■ Stored data entries ■
*** Begin section ***

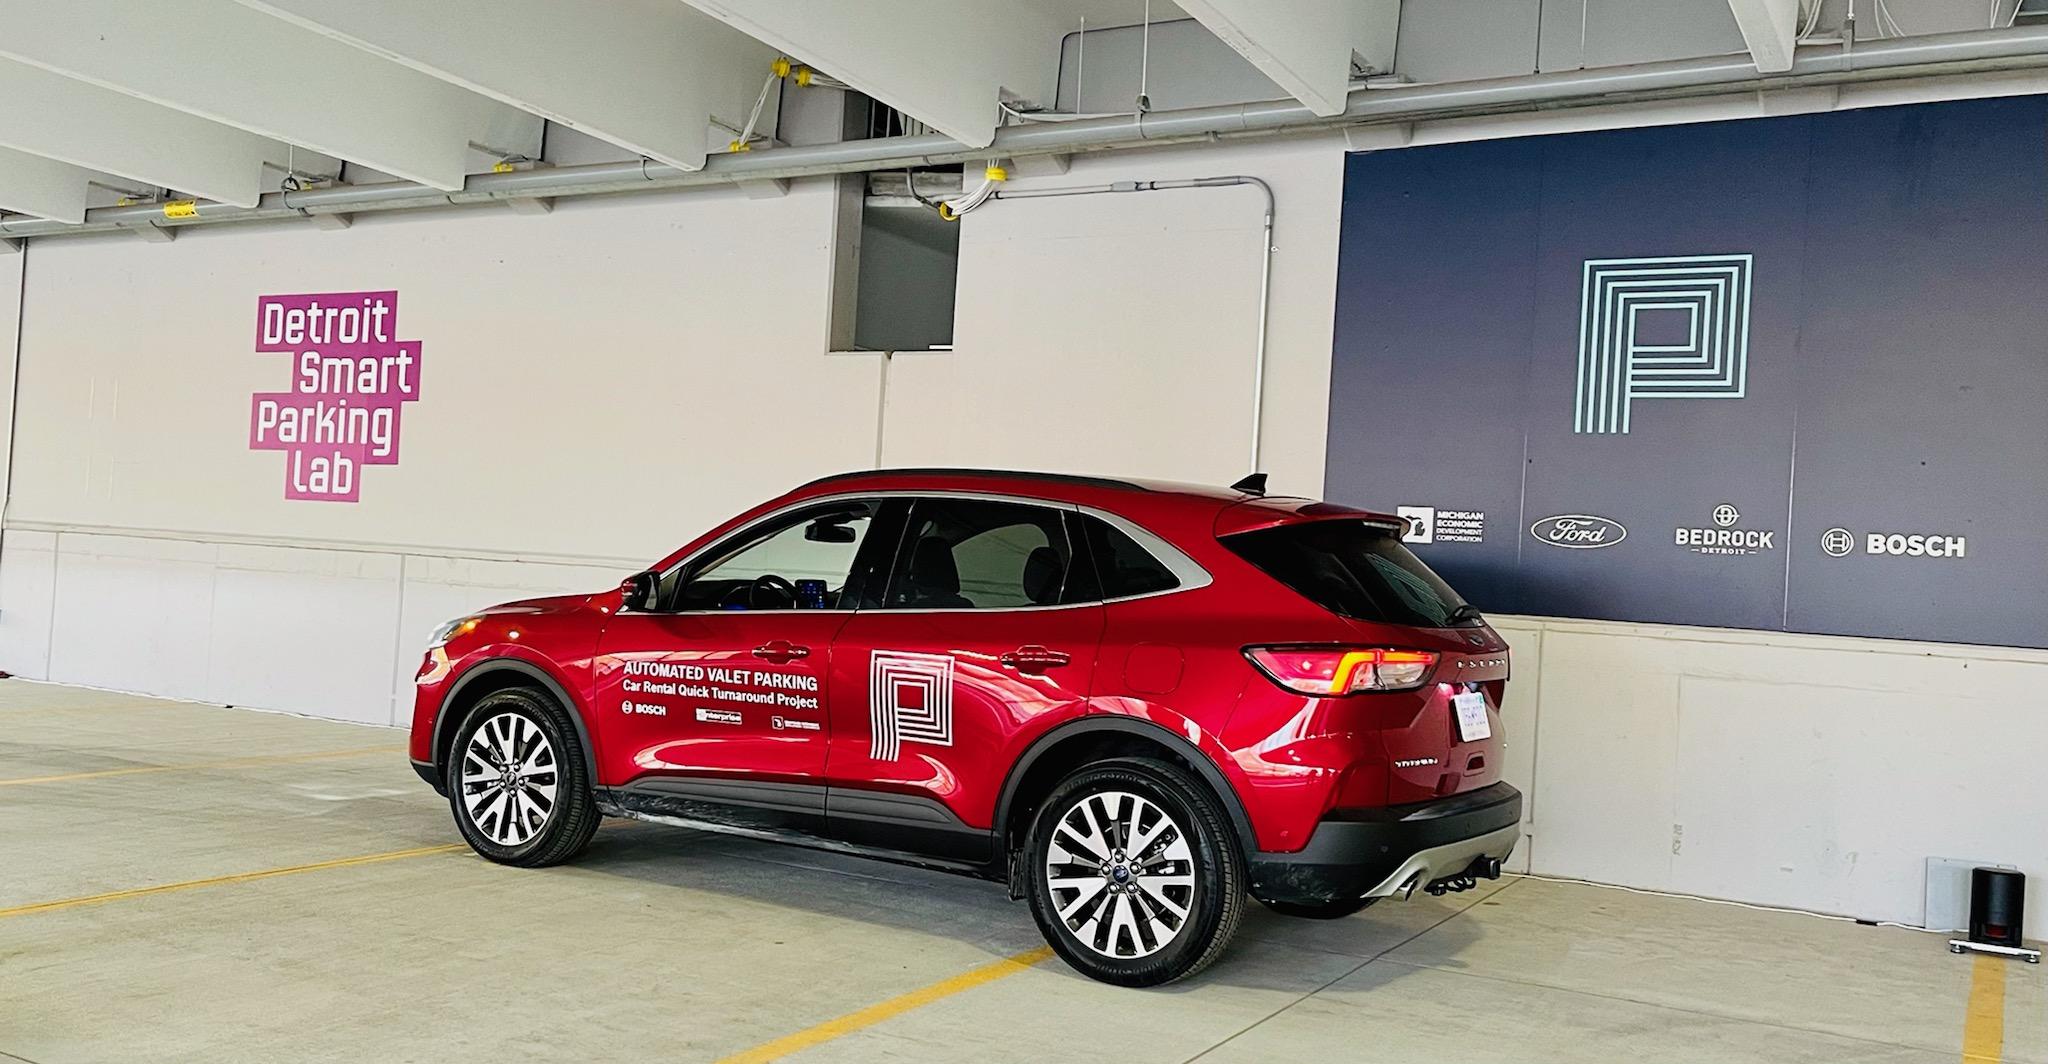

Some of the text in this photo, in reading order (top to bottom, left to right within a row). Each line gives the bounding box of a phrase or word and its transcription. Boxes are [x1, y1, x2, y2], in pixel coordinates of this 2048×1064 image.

[263, 298, 389, 345] Detroit
[300, 349, 413, 394] Smart
[257, 398, 393, 457] Parking
[1437, 511, 1484, 520] MICHIGAN
[1437, 519, 1483, 529] ECONOMIC
[1436, 527, 1483, 536] DEVELOPMENT
[1436, 534, 1483, 543] CORPORATION
[1549, 518, 1607, 542] Ford
[1675, 528, 1774, 549] BEDROCK
[1701, 547, 1746, 556] DETROIT
[1866, 533, 1966, 558] BOSCH
[623, 660, 818, 691] AUTOMATED VALET PARKING
[622, 679, 818, 709] Car Rental Quick Turnaround Project
[635, 703, 667, 716] BOSCH

*** End section ***

■ Exercise description ■
Your copy should match every record exactly and contain no pictures.

■ Result ■
Some of the text in this photo, in reading order (top to bottom, left to right within a row). Each line gives the bounding box of a phrase or word and its transcription. Boxes are [x1, y1, x2, y2], in pixel coordinates of this 2048×1064 image.

[263, 298, 389, 345] Detroit
[300, 349, 413, 394] Smart
[257, 398, 393, 457] Parking
[1437, 511, 1484, 520] MICHIGAN
[1437, 519, 1483, 529] ECONOMIC
[1436, 527, 1483, 536] DEVELOPMENT
[1436, 534, 1483, 543] CORPORATION
[1549, 518, 1607, 542] Ford
[1675, 528, 1774, 549] BEDROCK
[1701, 547, 1746, 556] DETROIT
[1866, 533, 1966, 558] BOSCH
[623, 660, 818, 691] AUTOMATED VALET PARKING
[622, 679, 818, 709] Car Rental Quick Turnaround Project
[635, 703, 667, 716] BOSCH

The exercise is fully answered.